== REQUIRED WORK ==
Set down a precise copy of the whole listing.
*** Block opens ***
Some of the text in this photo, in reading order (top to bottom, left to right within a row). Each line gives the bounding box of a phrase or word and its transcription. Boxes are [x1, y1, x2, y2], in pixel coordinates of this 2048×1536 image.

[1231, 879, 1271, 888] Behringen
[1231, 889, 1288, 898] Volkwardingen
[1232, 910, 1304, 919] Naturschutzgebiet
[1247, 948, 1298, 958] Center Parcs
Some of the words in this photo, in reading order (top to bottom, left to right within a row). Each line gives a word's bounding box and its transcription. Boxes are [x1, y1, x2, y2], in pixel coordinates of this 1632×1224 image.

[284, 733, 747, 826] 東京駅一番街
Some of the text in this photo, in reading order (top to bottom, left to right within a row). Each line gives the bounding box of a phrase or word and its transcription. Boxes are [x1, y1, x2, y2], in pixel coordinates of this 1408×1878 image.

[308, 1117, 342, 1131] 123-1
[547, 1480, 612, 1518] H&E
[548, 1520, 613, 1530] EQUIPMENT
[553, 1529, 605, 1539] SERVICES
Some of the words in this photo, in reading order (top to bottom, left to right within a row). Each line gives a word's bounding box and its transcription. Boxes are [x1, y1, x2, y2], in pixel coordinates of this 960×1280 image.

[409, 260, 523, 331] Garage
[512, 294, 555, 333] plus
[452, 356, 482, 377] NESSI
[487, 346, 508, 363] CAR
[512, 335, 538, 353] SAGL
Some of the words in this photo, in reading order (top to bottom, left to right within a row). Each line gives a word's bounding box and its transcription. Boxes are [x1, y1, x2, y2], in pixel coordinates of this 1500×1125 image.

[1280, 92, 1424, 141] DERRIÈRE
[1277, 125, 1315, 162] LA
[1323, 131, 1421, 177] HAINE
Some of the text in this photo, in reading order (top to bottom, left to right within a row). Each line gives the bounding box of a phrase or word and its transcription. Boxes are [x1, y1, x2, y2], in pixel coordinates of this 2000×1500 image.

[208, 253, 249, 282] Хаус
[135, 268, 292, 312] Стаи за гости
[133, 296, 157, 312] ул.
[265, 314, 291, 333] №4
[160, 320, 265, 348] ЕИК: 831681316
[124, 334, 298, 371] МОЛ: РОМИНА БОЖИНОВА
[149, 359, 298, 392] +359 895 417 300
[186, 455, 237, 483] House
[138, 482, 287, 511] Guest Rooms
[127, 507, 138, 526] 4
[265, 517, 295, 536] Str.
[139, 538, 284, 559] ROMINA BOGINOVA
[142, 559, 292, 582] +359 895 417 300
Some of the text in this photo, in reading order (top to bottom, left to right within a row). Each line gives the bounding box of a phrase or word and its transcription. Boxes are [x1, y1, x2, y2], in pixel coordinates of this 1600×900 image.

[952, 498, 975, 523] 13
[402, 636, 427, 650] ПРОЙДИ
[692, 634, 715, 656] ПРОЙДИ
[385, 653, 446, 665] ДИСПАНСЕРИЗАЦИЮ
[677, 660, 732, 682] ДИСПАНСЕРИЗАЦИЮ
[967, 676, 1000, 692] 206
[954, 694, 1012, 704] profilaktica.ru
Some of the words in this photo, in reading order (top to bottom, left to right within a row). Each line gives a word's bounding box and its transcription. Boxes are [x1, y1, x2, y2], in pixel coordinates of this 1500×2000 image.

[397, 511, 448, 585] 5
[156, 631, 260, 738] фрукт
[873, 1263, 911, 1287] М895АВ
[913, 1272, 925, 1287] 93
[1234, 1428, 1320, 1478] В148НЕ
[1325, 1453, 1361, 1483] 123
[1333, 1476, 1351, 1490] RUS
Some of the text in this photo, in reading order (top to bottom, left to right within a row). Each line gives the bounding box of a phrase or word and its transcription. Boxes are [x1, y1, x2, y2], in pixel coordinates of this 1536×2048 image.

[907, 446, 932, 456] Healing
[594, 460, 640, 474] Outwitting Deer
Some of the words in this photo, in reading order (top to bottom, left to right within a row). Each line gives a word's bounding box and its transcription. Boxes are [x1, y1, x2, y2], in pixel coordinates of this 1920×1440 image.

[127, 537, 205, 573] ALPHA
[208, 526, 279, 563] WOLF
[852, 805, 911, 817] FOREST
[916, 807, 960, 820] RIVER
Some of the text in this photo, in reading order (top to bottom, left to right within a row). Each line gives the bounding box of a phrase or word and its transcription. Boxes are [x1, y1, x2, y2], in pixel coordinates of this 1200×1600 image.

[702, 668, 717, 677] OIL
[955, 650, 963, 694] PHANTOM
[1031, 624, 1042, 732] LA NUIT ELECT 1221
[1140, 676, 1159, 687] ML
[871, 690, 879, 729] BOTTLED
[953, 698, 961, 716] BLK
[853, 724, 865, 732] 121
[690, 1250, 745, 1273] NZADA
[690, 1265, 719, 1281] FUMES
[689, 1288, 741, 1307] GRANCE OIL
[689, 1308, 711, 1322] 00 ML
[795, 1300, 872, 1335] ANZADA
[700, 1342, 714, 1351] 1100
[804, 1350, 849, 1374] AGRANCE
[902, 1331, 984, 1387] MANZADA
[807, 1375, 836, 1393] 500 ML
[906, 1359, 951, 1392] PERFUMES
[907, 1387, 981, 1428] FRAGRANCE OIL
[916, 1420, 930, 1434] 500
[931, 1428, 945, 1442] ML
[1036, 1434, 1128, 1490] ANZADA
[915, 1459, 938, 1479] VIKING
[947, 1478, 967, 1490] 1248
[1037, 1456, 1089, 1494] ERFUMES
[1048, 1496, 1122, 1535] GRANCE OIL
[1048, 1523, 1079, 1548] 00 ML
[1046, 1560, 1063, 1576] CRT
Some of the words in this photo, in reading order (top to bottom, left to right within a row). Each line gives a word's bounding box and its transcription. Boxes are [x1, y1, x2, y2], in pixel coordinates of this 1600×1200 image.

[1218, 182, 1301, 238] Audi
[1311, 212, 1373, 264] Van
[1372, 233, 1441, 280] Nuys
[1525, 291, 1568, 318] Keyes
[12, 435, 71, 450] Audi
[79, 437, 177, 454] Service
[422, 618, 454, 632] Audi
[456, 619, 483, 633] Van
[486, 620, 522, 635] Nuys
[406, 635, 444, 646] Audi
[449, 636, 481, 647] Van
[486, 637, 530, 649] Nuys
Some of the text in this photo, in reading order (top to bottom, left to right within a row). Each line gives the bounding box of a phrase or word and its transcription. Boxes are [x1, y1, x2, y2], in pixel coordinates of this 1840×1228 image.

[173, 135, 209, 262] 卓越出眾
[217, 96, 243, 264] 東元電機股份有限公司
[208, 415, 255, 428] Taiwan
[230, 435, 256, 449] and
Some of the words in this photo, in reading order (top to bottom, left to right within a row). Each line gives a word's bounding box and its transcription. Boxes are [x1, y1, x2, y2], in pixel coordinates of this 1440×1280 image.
*** Block closes ***
== ANSWER ==
Some of the text in this photo, in reading order (top to bottom, left to right within a row). Each line gives the bounding box of a phrase or word and its transcription. Boxes are [x1, y1, x2, y2], in pixel coordinates of this 2048×1536 image.

[1231, 879, 1271, 888] Behringen
[1231, 889, 1288, 898] Volkwardingen
[1232, 910, 1304, 919] Naturschutzgebiet
[1247, 948, 1298, 958] Center Parcs
Some of the words in this photo, in reading order (top to bottom, left to right within a row). Each line gives a word's bounding box and its transcription. Boxes are [x1, y1, x2, y2], in pixel coordinates of this 1632×1224 image.

[284, 733, 747, 826] 東京駅一番街
Some of the text in this photo, in reading order (top to bottom, left to right within a row). Each line gives the bounding box of a phrase or word and its transcription. Boxes are [x1, y1, x2, y2], in pixel coordinates of this 1408×1878 image.

[308, 1117, 342, 1131] 123-1
[547, 1480, 612, 1518] H&E
[548, 1520, 613, 1530] EQUIPMENT
[553, 1529, 605, 1539] SERVICES
Some of the words in this photo, in reading order (top to bottom, left to right within a row). Each line gives a word's bounding box and its transcription. Boxes are [x1, y1, x2, y2], in pixel coordinates of this 960×1280 image.

[409, 260, 523, 331] Garage
[512, 294, 555, 333] plus
[452, 356, 482, 377] NESSI
[487, 346, 508, 363] CAR
[512, 335, 538, 353] SAGL
Some of the words in this photo, in reading order (top to bottom, left to right within a row). Each line gives a word's bounding box and its transcription. Boxes are [x1, y1, x2, y2], in pixel coordinates of this 1500×1125 image.

[1280, 92, 1424, 141] DERRIÈRE
[1277, 125, 1315, 162] LA
[1323, 131, 1421, 177] HAINE
Some of the text in this photo, in reading order (top to bottom, left to right within a row). Each line gives the bounding box of a phrase or word and its transcription. Boxes are [x1, y1, x2, y2], in pixel coordinates of this 2000×1500 image.

[208, 253, 249, 282] Хаус
[135, 268, 292, 312] Стаи за гости
[133, 296, 157, 312] ул.
[265, 314, 291, 333] №4
[160, 320, 265, 348] ЕИК: 831681316
[124, 334, 298, 371] МОЛ: РОМИНА БОЖИНОВА
[149, 359, 298, 392] +359 895 417 300
[186, 455, 237, 483] House
[138, 482, 287, 511] Guest Rooms
[127, 507, 138, 526] 4
[265, 517, 295, 536] Str.
[139, 538, 284, 559] ROMINA BOGINOVA
[142, 559, 292, 582] +359 895 417 300
Some of the text in this photo, in reading order (top to bottom, left to right within a row). Each line gives the bounding box of a phrase or word and its transcription. Boxes are [x1, y1, x2, y2], in pixel coordinates of this 1600×900 image.

[952, 498, 975, 523] 13
[402, 636, 427, 650] ПРОЙДИ
[692, 634, 715, 656] ПРОЙДИ
[385, 653, 446, 665] ДИСПАНСЕРИЗАЦИЮ
[677, 660, 732, 682] ДИСПАНСЕРИЗАЦИЮ
[967, 676, 1000, 692] 206
[954, 694, 1012, 704] profilaktica.ru
Some of the words in this photo, in reading order (top to bottom, left to right within a row). Each line gives a word's bounding box and its transcription. Boxes are [x1, y1, x2, y2], in pixel coordinates of this 1500×2000 image.

[397, 511, 448, 585] 5
[156, 631, 260, 738] фрукт
[873, 1263, 911, 1287] М895АВ
[913, 1272, 925, 1287] 93
[1234, 1428, 1320, 1478] В148НЕ
[1325, 1453, 1361, 1483] 123
[1333, 1476, 1351, 1490] RUS
Some of the text in this photo, in reading order (top to bottom, left to right within a row). Each line gives the bounding box of a phrase or word and its transcription. Boxes are [x1, y1, x2, y2], in pixel coordinates of this 1536×2048 image.

[907, 446, 932, 456] Healing
[594, 460, 640, 474] Outwitting Deer
Some of the words in this photo, in reading order (top to bottom, left to right within a row). Each line gives a word's bounding box and its transcription. Boxes are [x1, y1, x2, y2], in pixel coordinates of this 1920×1440 image.

[127, 537, 205, 573] ALPHA
[208, 526, 279, 563] WOLF
[852, 805, 911, 817] FOREST
[916, 807, 960, 820] RIVER
Some of the text in this photo, in reading order (top to bottom, left to right within a row). Each line gives the bounding box of a phrase or word and its transcription. Boxes are [x1, y1, x2, y2], in pixel coordinates of this 1200×1600 image.

[702, 668, 717, 677] OIL
[955, 650, 963, 694] PHANTOM
[1031, 624, 1042, 732] LA NUIT ELECT 1221
[1140, 676, 1159, 687] ML
[871, 690, 879, 729] BOTTLED
[953, 698, 961, 716] BLK
[853, 724, 865, 732] 121
[690, 1250, 745, 1273] NZADA
[690, 1265, 719, 1281] FUMES
[689, 1288, 741, 1307] GRANCE OIL
[689, 1308, 711, 1322] 00 ML
[795, 1300, 872, 1335] ANZADA
[700, 1342, 714, 1351] 1100
[804, 1350, 849, 1374] AGRANCE
[902, 1331, 984, 1387] MANZADA
[807, 1375, 836, 1393] 500 ML
[906, 1359, 951, 1392] PERFUMES
[907, 1387, 981, 1428] FRAGRANCE OIL
[916, 1420, 930, 1434] 500
[931, 1428, 945, 1442] ML
[1036, 1434, 1128, 1490] ANZADA
[915, 1459, 938, 1479] VIKING
[947, 1478, 967, 1490] 1248
[1037, 1456, 1089, 1494] ERFUMES
[1048, 1496, 1122, 1535] GRANCE OIL
[1048, 1523, 1079, 1548] 00 ML
[1046, 1560, 1063, 1576] CRT
Some of the words in this photo, in reading order (top to bottom, left to right within a row). Each line gives a word's bounding box and its transcription. Boxes are [x1, y1, x2, y2], in pixel coordinates of this 1600×1200 image.

[1218, 182, 1301, 238] Audi
[1311, 212, 1373, 264] Van
[1372, 233, 1441, 280] Nuys
[1525, 291, 1568, 318] Keyes
[12, 435, 71, 450] Audi
[79, 437, 177, 454] Service
[422, 618, 454, 632] Audi
[456, 619, 483, 633] Van
[486, 620, 522, 635] Nuys
[406, 635, 444, 646] Audi
[449, 636, 481, 647] Van
[486, 637, 530, 649] Nuys
Some of the text in this photo, in reading order (top to bottom, left to right within a row). Each line gives the bounding box of a phrase or word and its transcription. Boxes are [x1, y1, x2, y2], in pixel coordinates of this 1840×1228 image.

[173, 135, 209, 262] 卓越出眾
[217, 96, 243, 264] 東元電機股份有限公司
[208, 415, 255, 428] Taiwan
[230, 435, 256, 449] and
Some of the words in this photo, in reading order (top to bottom, left to right within a row). Each line gives a word's bounding box and its transcription. Boxes are [x1, y1, x2, y2], in pixel coordinates of this 1440×1280 image.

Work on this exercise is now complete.